This is a minialmist attempt at adding security arround shell scripts. It relies on checking GPG signatures applied to script files.
It currently has been tested w/ bash, python, and perl.
This was primarily inspired by a description a tool in use at Yahoo!, from a issue of Login;. I can no longer find the issue, and so wrote this as a quick and dirty subsitute.
This implementation in not intended to be ultra performant. I've not done any bench marking, but it shoud add significant overhead to execution.
I've done a lot to make this very bash friendly. Support for source is there, but buy its nature is insecure. I've added a tool to verify the injected bash code, but its up to the user to force verification of code before sourcing the file
The idea here is to limit privileged access to the "signed" program. Which would make some minimal guarentees that the users script has been approved by a trusted party.
This requires that you have a gpg.
This is does not have support for a more advanced feature like includes. Modules and other such files are not verified, and if signed will not load properly. I will try to address this type of functionality later, but it is likely language specific.
The "signed" shell itself is vulnerable to modifications, and system level check should be put in place to manage security.

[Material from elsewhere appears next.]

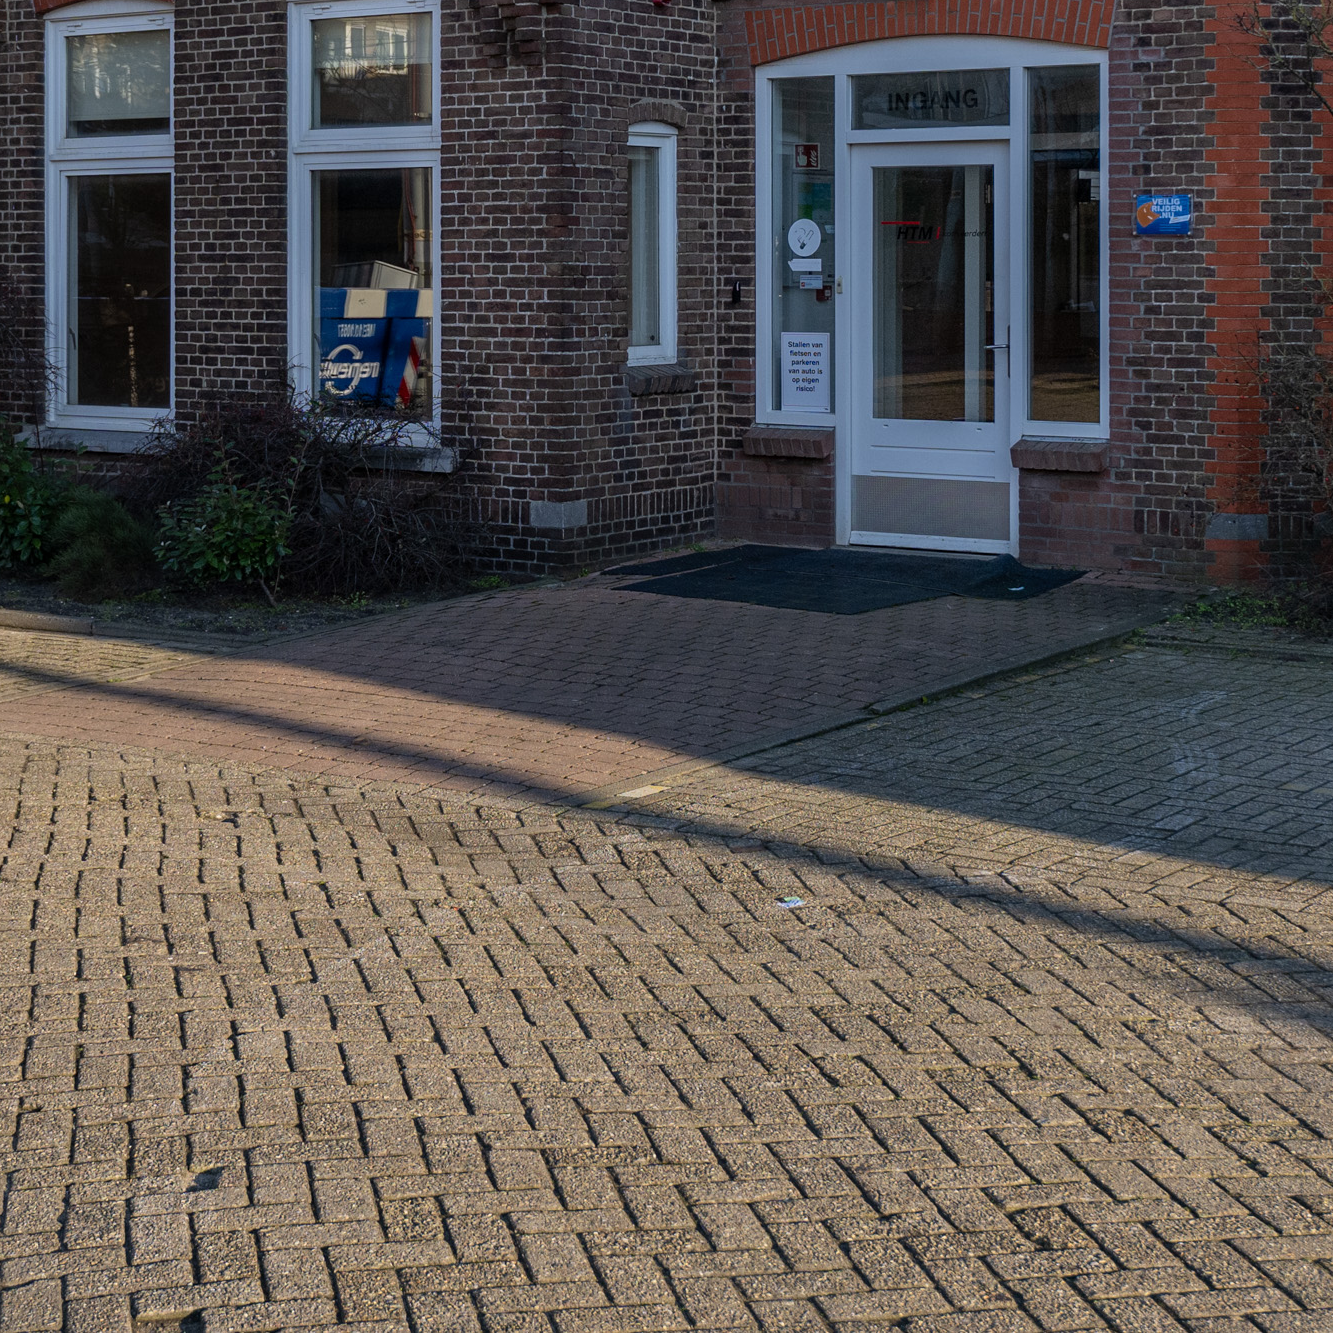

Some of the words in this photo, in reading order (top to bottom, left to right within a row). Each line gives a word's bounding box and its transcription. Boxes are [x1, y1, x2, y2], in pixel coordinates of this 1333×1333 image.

Signing a script is as easy as running:
sign_script filename
This will sign the script with your default GPG key, and create a new file
called filename.signed
.
Scripts will execute when run like so: ./script.signed or: signed filename
In order to handle source execution from bash scripts, unsigned bash is injected into the area above the clear-signature. verify_bash_header should securely check this, provided you run a signed version with the correct md5sum. It returns 0 if it matches and 1 if it does not.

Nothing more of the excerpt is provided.